To qualify for the 0% Capital Gains Tax (CGT), the Employee Ownership Trust (EOT) must purchase at least 51% of the trading company shares to achieve the required change of control.
What are the benefits of an Employee Ownership Trust?
- The value of the business can be comparable to a commercial sale.
- There is a 0% CGT on the value, provided certain conditions are met.
- Third-party financing can be accessed to increase the initial consideration.
- It serves as a great reward for the entire team and helps maintain the company culture.
- Unlike a management buy-out, the senior team doesn’t need to provide personal guarantees.
- EOTs have the potential to enhance staff productivity, retention, and recruitment.
- Employees can receive up to £3,600 per year as a tax-free bonus, subject to qualifying rules.
- The trading company acquired by the EOT can continue operating as a regular limited company, benefiting employees who have been with the company for over 12 months.

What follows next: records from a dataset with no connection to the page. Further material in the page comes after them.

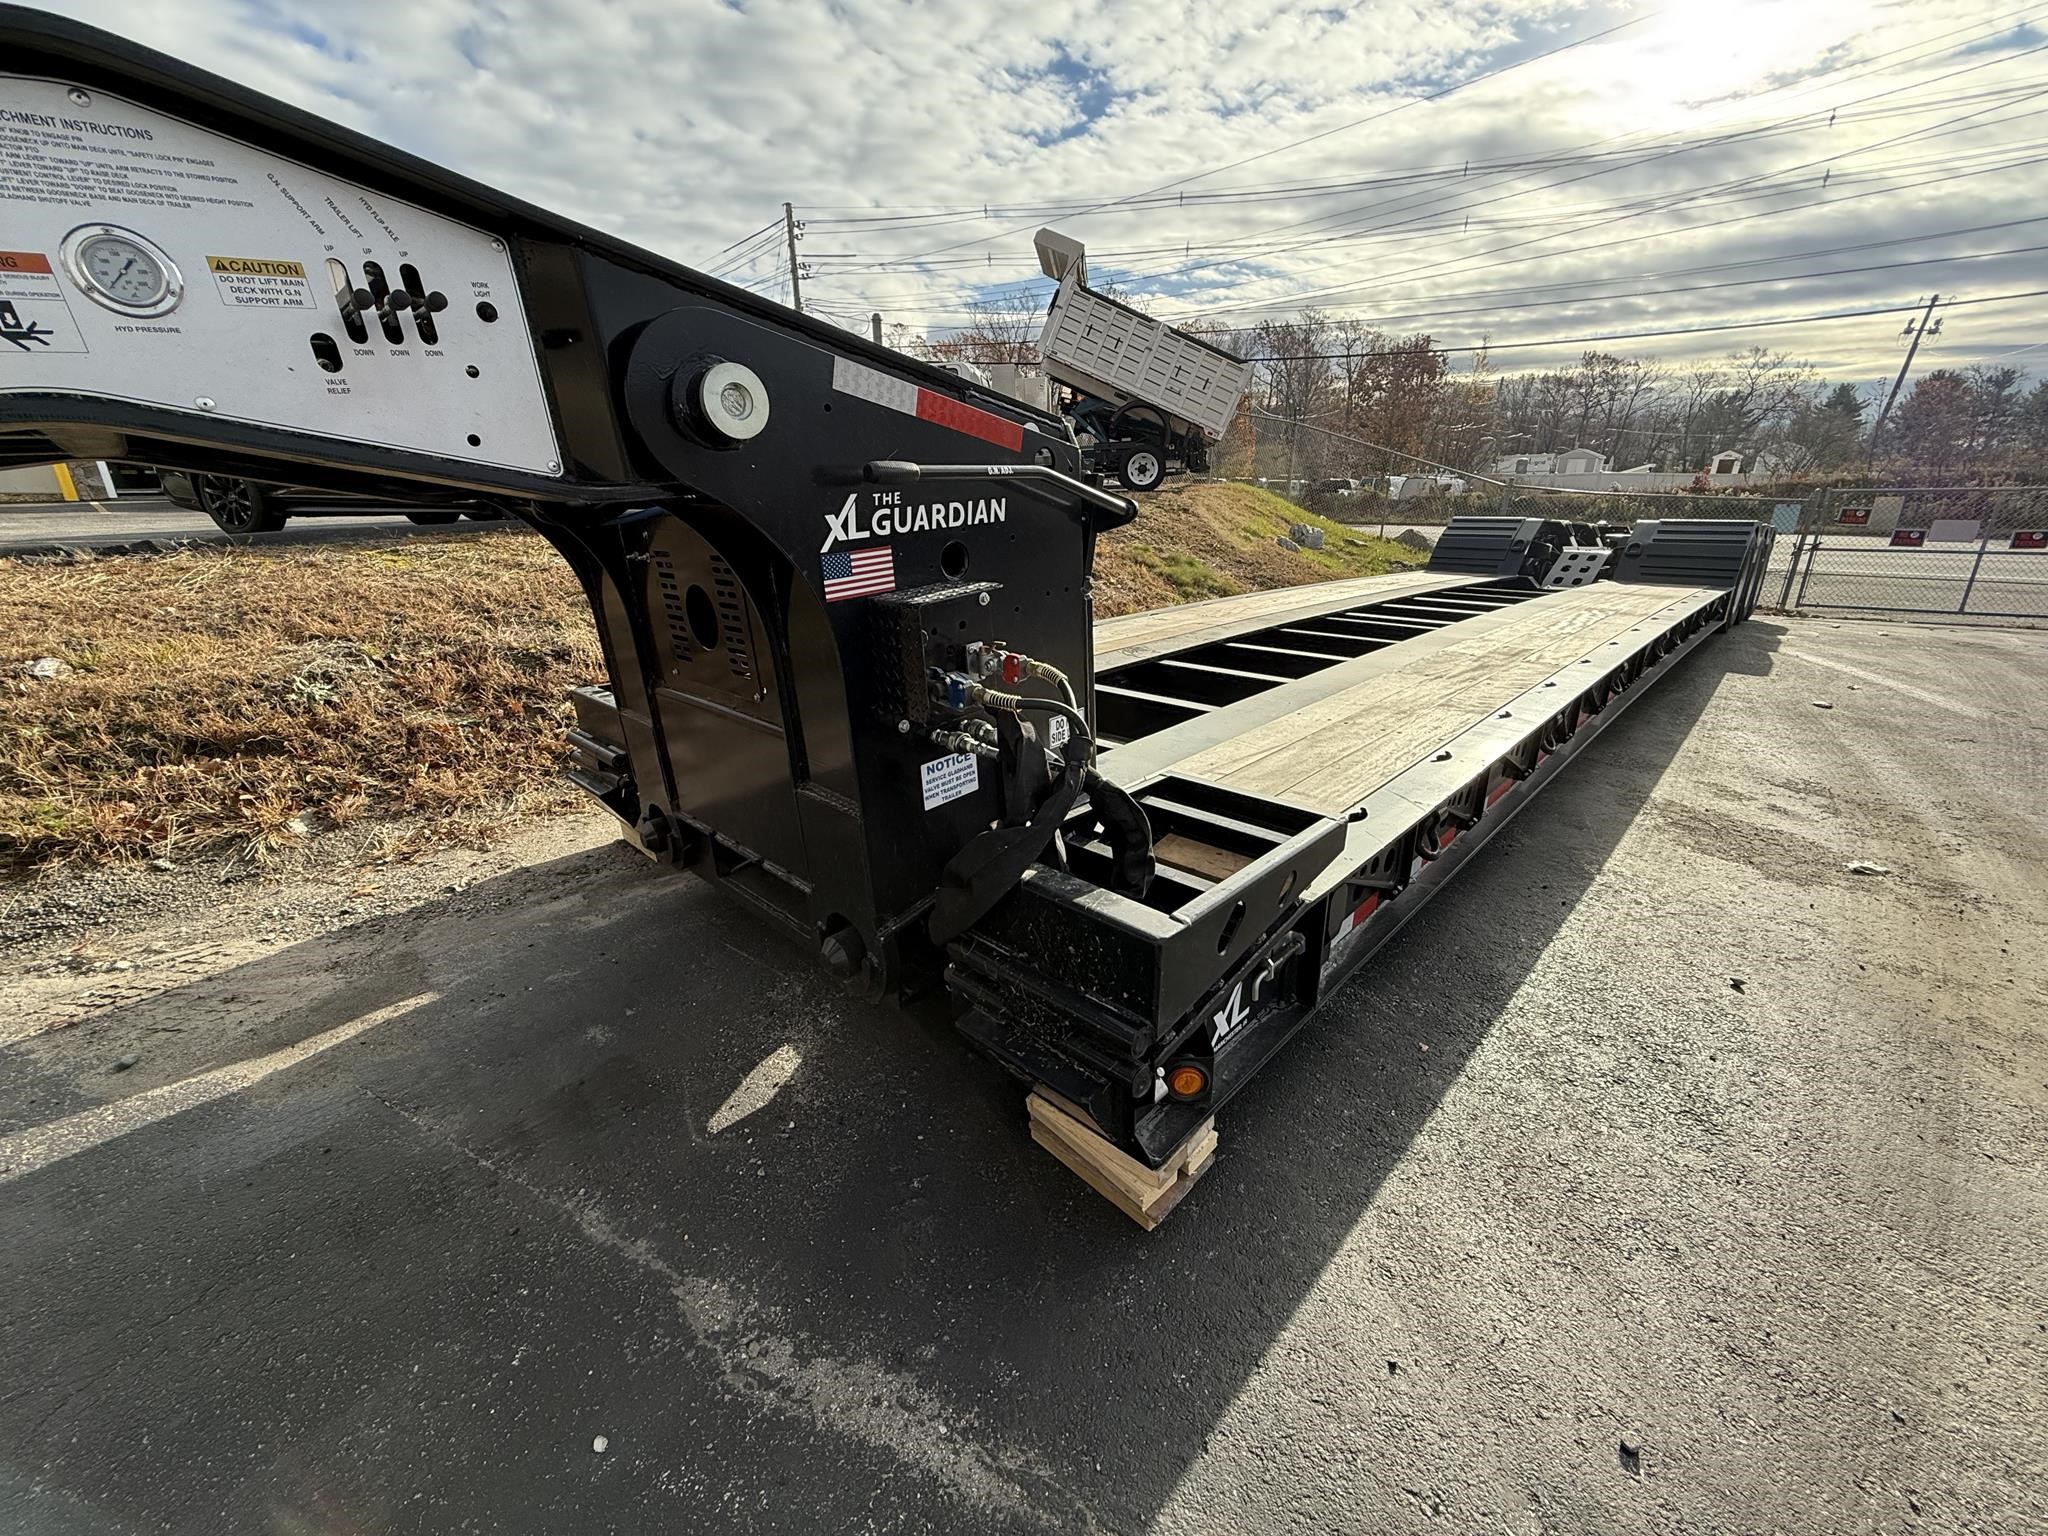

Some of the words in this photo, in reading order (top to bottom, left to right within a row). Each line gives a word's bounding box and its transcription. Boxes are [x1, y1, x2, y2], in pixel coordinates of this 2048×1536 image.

[0, 109, 57, 128] CHMENT
[59, 118, 153, 141] INSTRUCTIONS
[280, 187, 311, 219] SUPPORT
[309, 217, 325, 235] ARM
[324, 196, 350, 226] TRAILER
[348, 224, 364, 239] LIFT
[358, 196, 372, 212] HYD
[370, 210, 385, 225] FLIP
[383, 225, 400, 243] AXLE
[323, 244, 334, 252] UP
[362, 247, 373, 255] UP
[399, 250, 409, 258] UP
[229, 260, 299, 275] CAUTION
[219, 275, 234, 283] DO
[235, 275, 257, 285] NOT
[259, 277, 279, 286] LIFT
[280, 279, 304, 288] MAIN
[470, 281, 490, 289] WORK
[230, 286, 257, 295] DECK
[259, 287, 282, 296] WITH
[473, 290, 491, 298] LIGHT
[235, 296, 282, 305] SUPPORT
[283, 298, 304, 306] ARM
[115, 325, 134, 333] HYD
[135, 326, 181, 334] PRESSURE
[390, 349, 410, 357] DOWN
[424, 349, 444, 357] DOWN
[325, 378, 348, 386] VALVE
[327, 387, 351, 395] RELIEF
[872, 492, 902, 506] THE
[820, 493, 871, 553] XL
[871, 498, 1006, 536] GUARDIAN
[1051, 729, 1066, 744] SIDE
[927, 754, 971, 776] NOTICE
[926, 774, 946, 785] SERVICE
[948, 764, 973, 776] GLADHAND
[924, 784, 940, 793] VALVE
[941, 778, 954, 787] MUST
[963, 770, 975, 778] OPEN
[925, 792, 939, 800] WHEN
[940, 777, 976, 794] TRANSPORTING
[942, 790, 962, 801] TRAILER
[1211, 980, 1250, 1048] XL
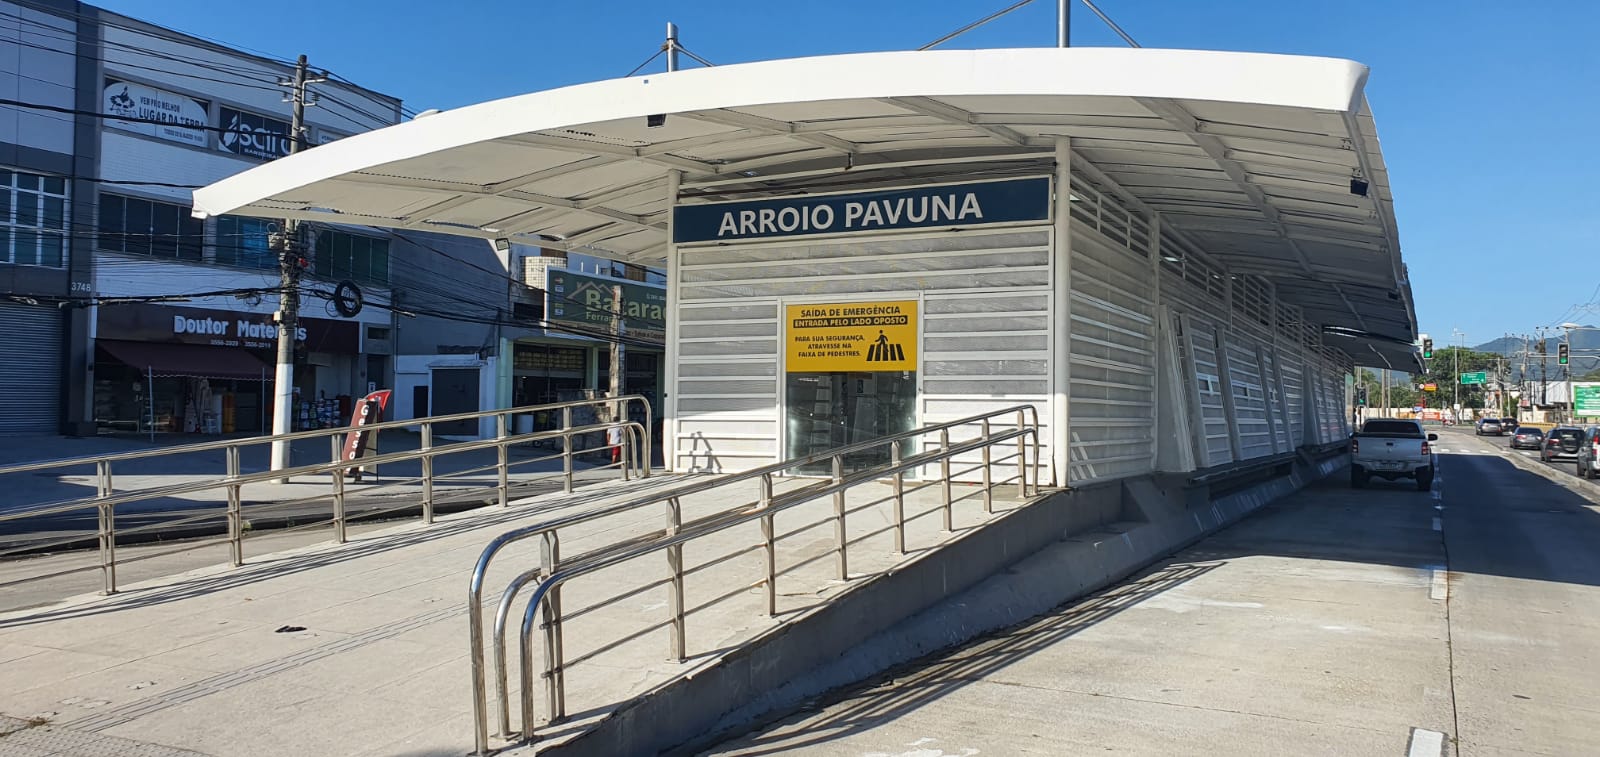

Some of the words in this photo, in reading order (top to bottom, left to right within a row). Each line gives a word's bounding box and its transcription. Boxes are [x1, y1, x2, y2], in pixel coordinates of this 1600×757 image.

[140, 96, 150, 105] VEM
[162, 101, 180, 112] MELHOR
[139, 107, 166, 123] LUGAR
[168, 114, 178, 125] DA
[718, 204, 834, 236] ARROIO
[845, 193, 983, 228] PAVUNA
[801, 307, 826, 318] SAÍDA
[829, 309, 840, 317] DE
[843, 305, 900, 316] EMERGÊNCIA
[173, 315, 229, 335] Doutor
[237, 319, 307, 341] Materis
[795, 319, 828, 327] ENTRADA
[830, 318, 849, 326] PELO
[851, 317, 871, 326] LADO
[874, 316, 906, 325] OPOSTO
[346, 404, 370, 460] Gesso
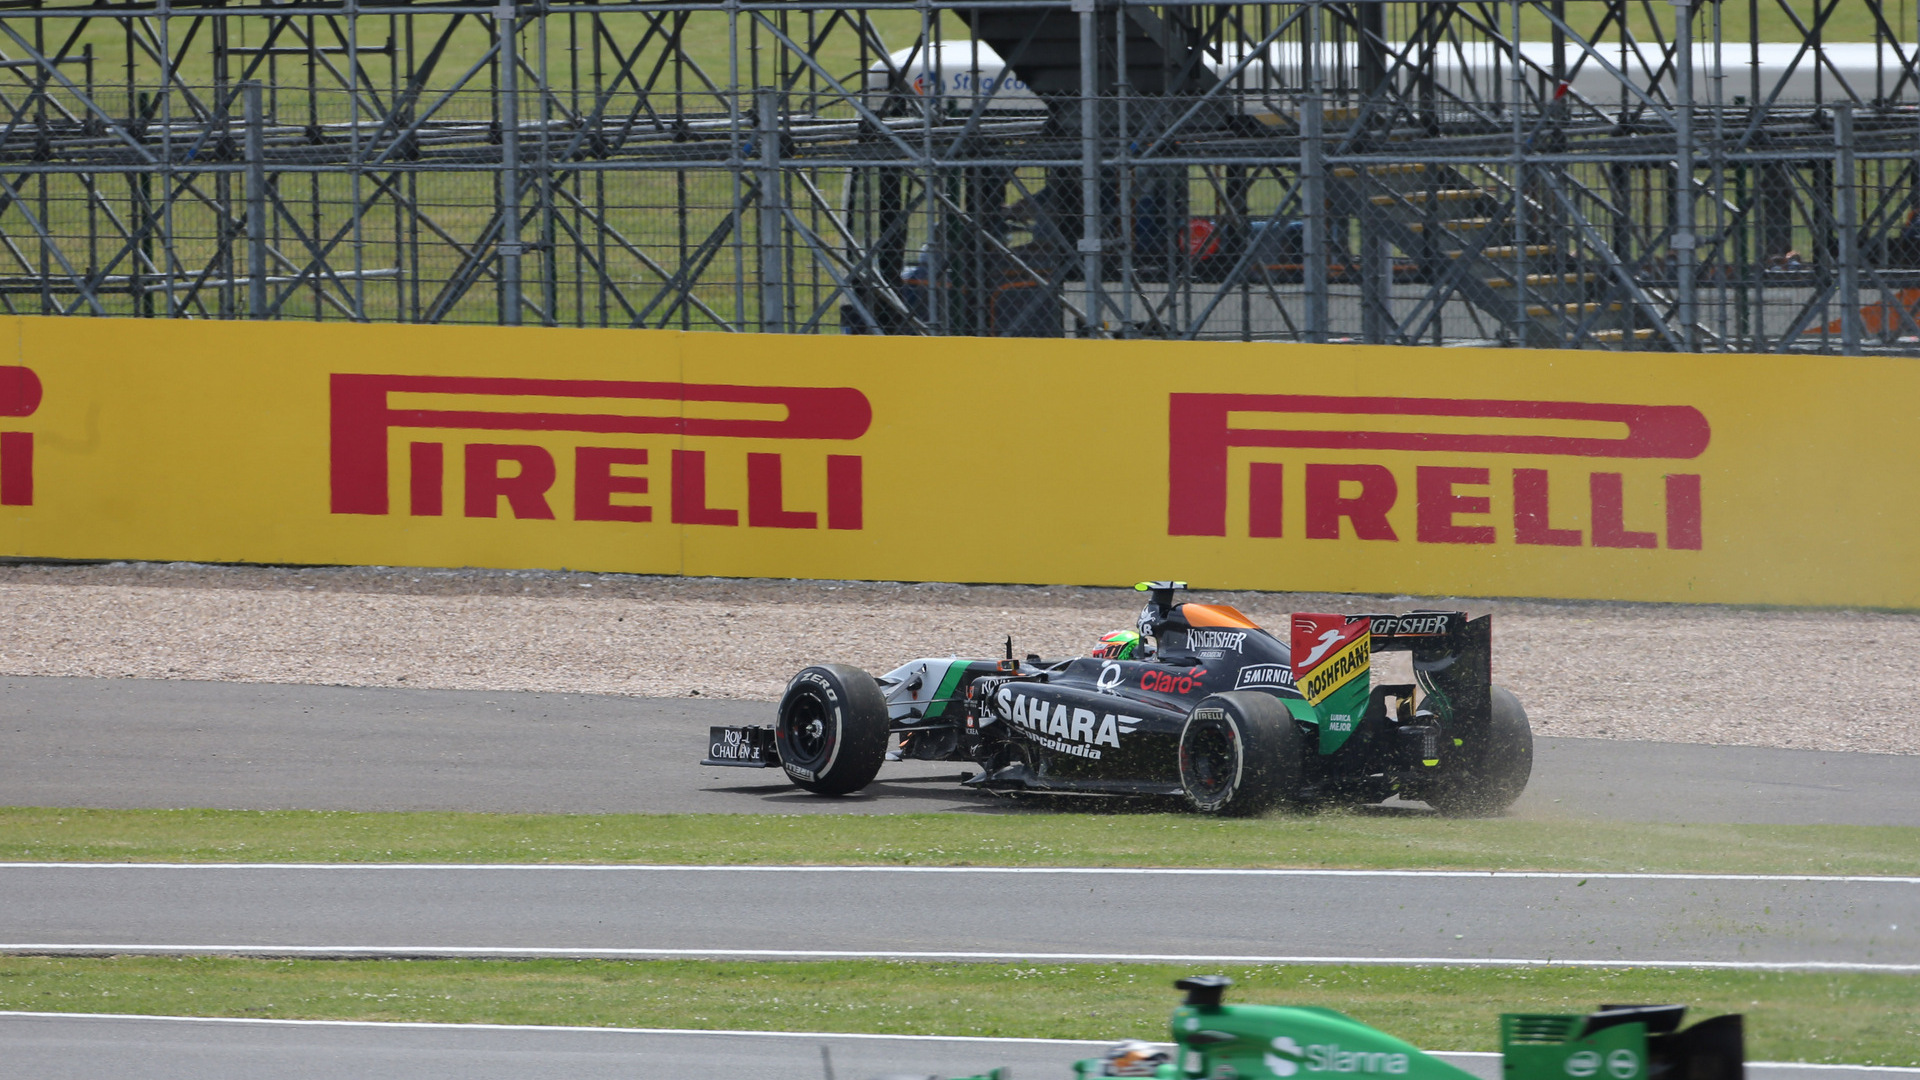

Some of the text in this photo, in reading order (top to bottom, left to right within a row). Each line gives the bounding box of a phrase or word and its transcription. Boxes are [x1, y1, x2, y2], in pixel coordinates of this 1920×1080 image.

[330, 373, 872, 530] PIRELLI
[1168, 392, 1711, 550] PIRELLI
[1345, 615, 1449, 635] GFISHER
[1186, 628, 1247, 655] KINGFISHER
[1140, 668, 1194, 694] Claro
[1243, 669, 1297, 687] SMIRNOF
[1307, 640, 1370, 701] ROSHFRANS
[800, 672, 838, 701] ZERO
[997, 688, 1120, 749] SAHARA
[1194, 707, 1225, 720] PIRELLI
[724, 729, 750, 747] ROYL
[1328, 722, 1352, 732] MEJOR
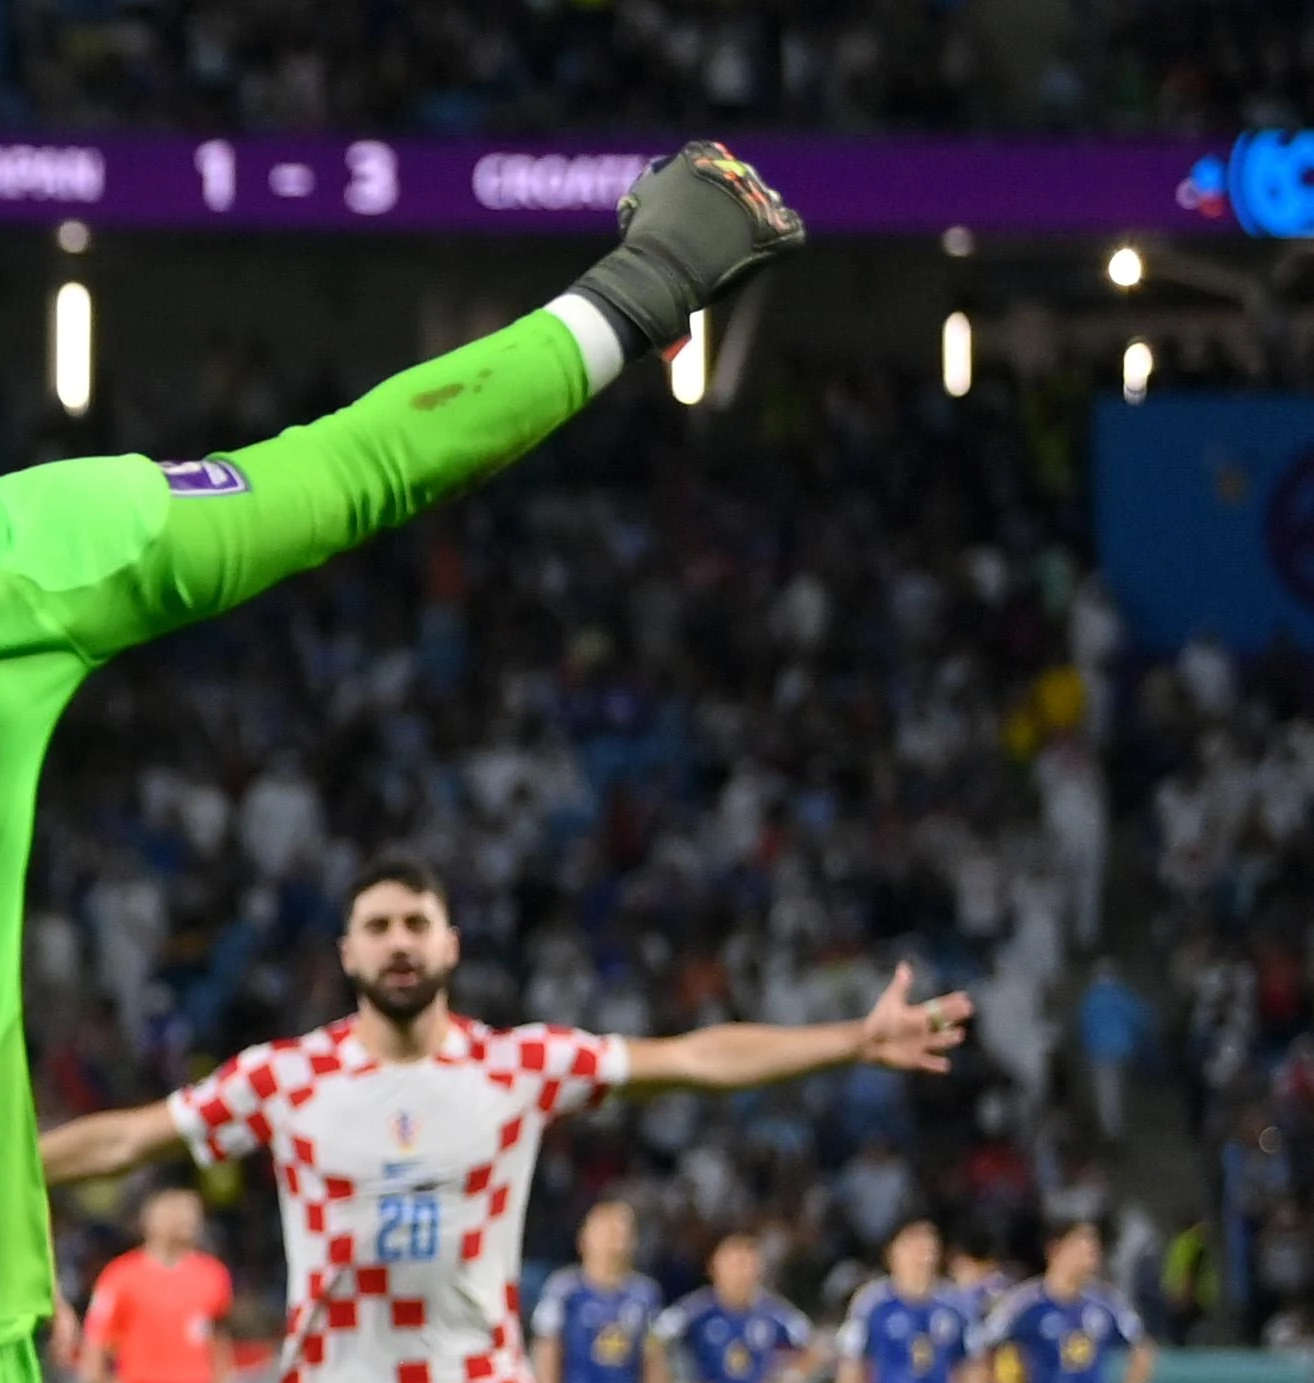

- Sellers can choose to remain involved as employees to facilitate a smooth handover and transition.
- The process is typically faster than a trade sale and involves less rigorous due diligence.
What are the risks of EOT?
Tax and succession considerations are also crucial. The Finance Act 2014 outlines the conditions for a tax-efficient transfer to an Employee Ownership Trust, promoting EOT businesses due to their positive impact on productivity, local investment, staff recruitment, and retention. While the generous CGT relief is appealing, it shouldn’t be the sole reason for choosing employee ownership.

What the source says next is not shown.